### Problem
The output should consist solely of the line containing "this 1440×1080 image." and all lines after it through the final line of the entries below, reproduced exactly.

### Records for processing
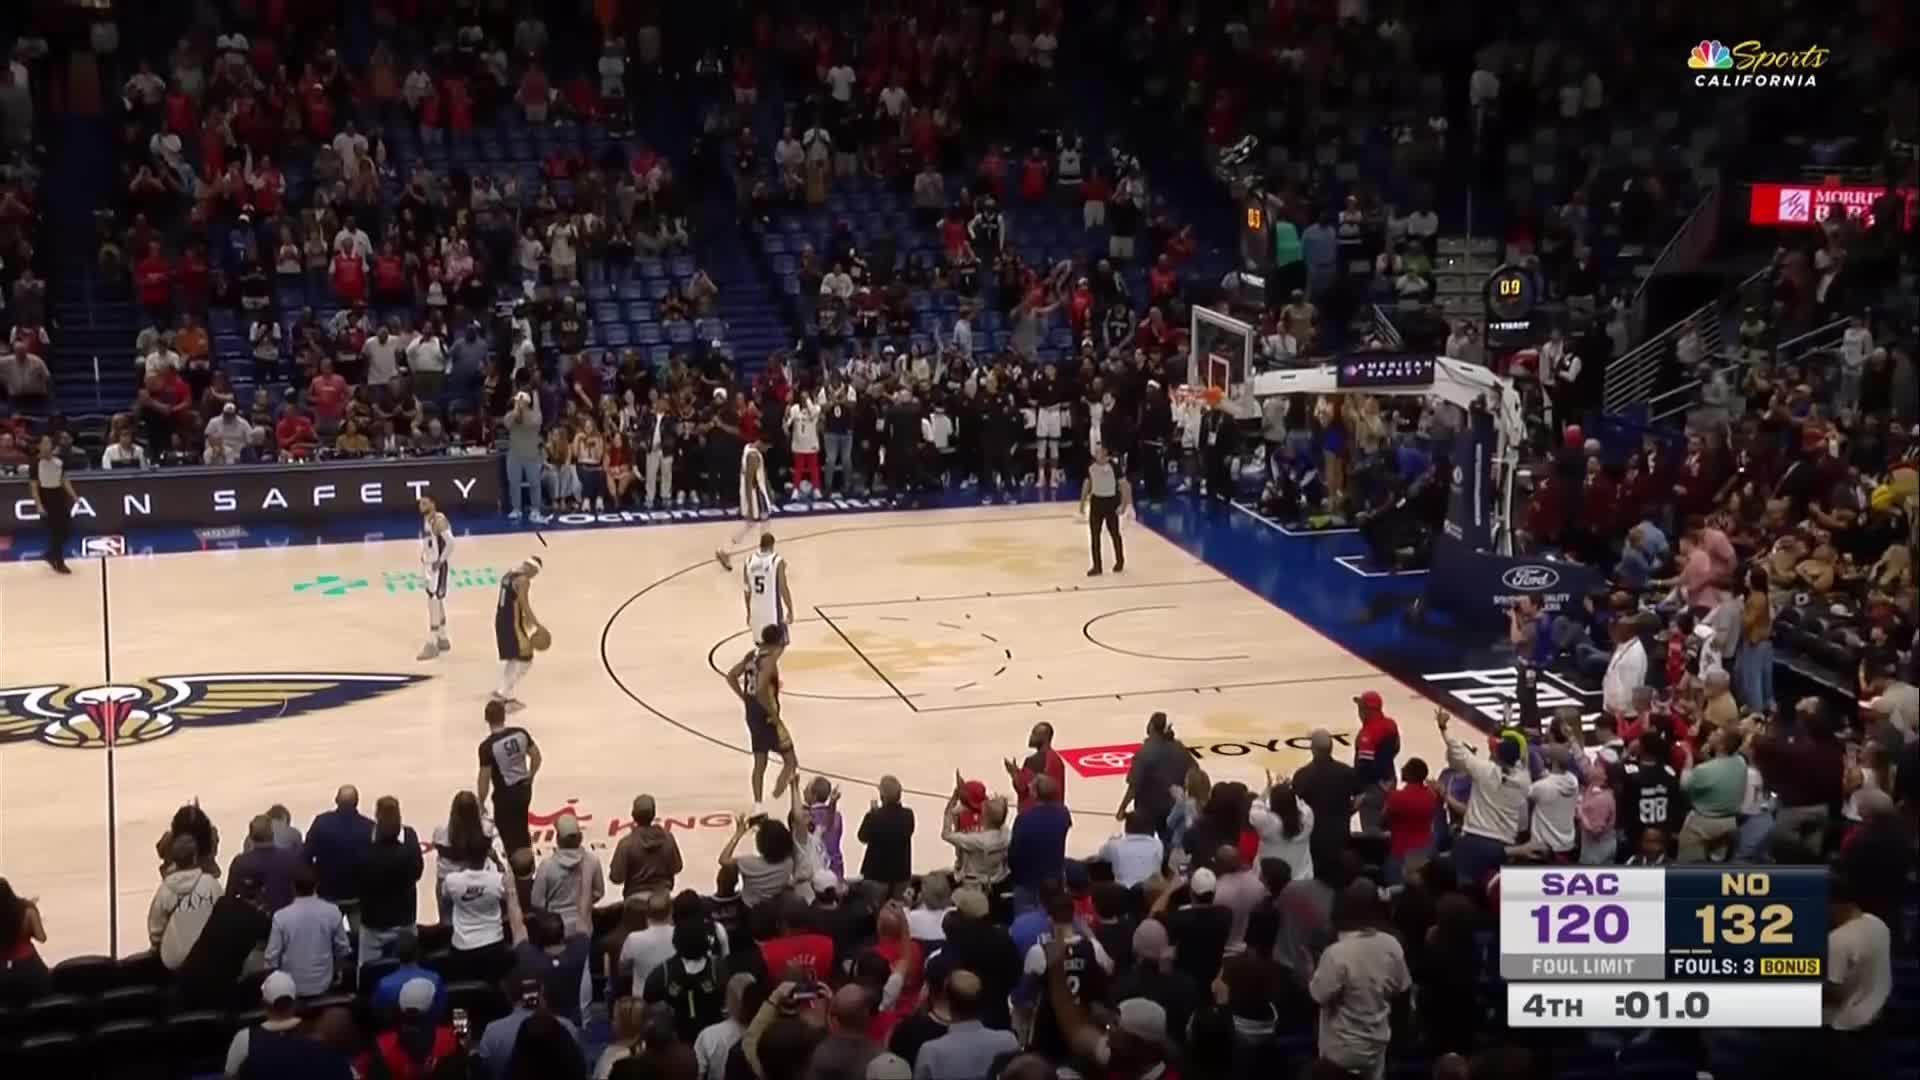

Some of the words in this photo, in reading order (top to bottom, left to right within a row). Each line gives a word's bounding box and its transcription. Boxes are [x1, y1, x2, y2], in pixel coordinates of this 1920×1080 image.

[1358, 360, 1432, 371] AMERICAN
[1367, 368, 1423, 377] SAFETY
[213, 478, 476, 511] SAFETY
[754, 575, 765, 594] 5
[1512, 568, 1549, 587] Ford
[503, 737, 520, 757] 50
[607, 812, 733, 838] KNG
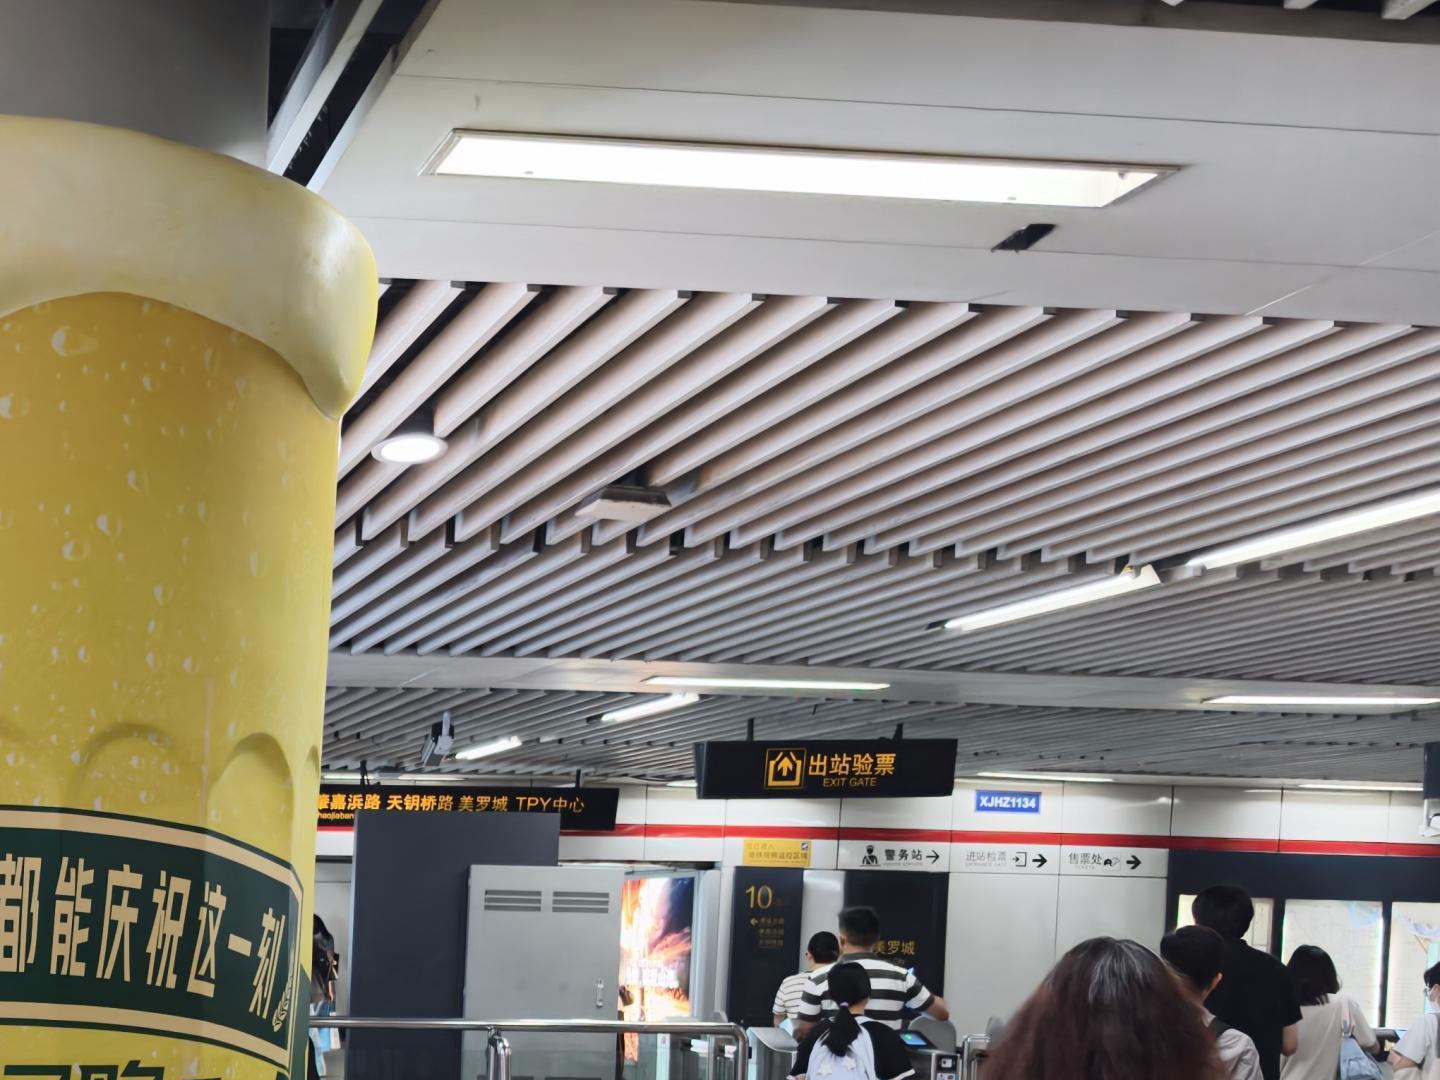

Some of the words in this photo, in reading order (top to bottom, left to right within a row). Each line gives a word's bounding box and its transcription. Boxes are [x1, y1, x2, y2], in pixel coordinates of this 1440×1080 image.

[807, 752, 897, 776] 出站验票
[823, 778, 847, 788] EXIT
[849, 777, 878, 787] GATE
[386, 794, 454, 811] 天钥桥路
[459, 796, 509, 812] 美罗城
[979, 796, 1036, 809] XJHZ1134
[884, 848, 923, 861] 警务站
[745, 884, 773, 910] 10

### Response to this exercise
Some of the words in this photo, in reading order (top to bottom, left to right within a row). Each line gives a word's bounding box and its transcription. Boxes are [x1, y1, x2, y2], in pixel coordinates of this 1440×1080 image.

[807, 752, 897, 776] 出站验票
[823, 778, 847, 788] EXIT
[849, 777, 878, 787] GATE
[386, 794, 454, 811] 天钥桥路
[459, 796, 509, 812] 美罗城
[979, 796, 1036, 809] XJHZ1134
[884, 848, 923, 861] 警务站
[745, 884, 773, 910] 10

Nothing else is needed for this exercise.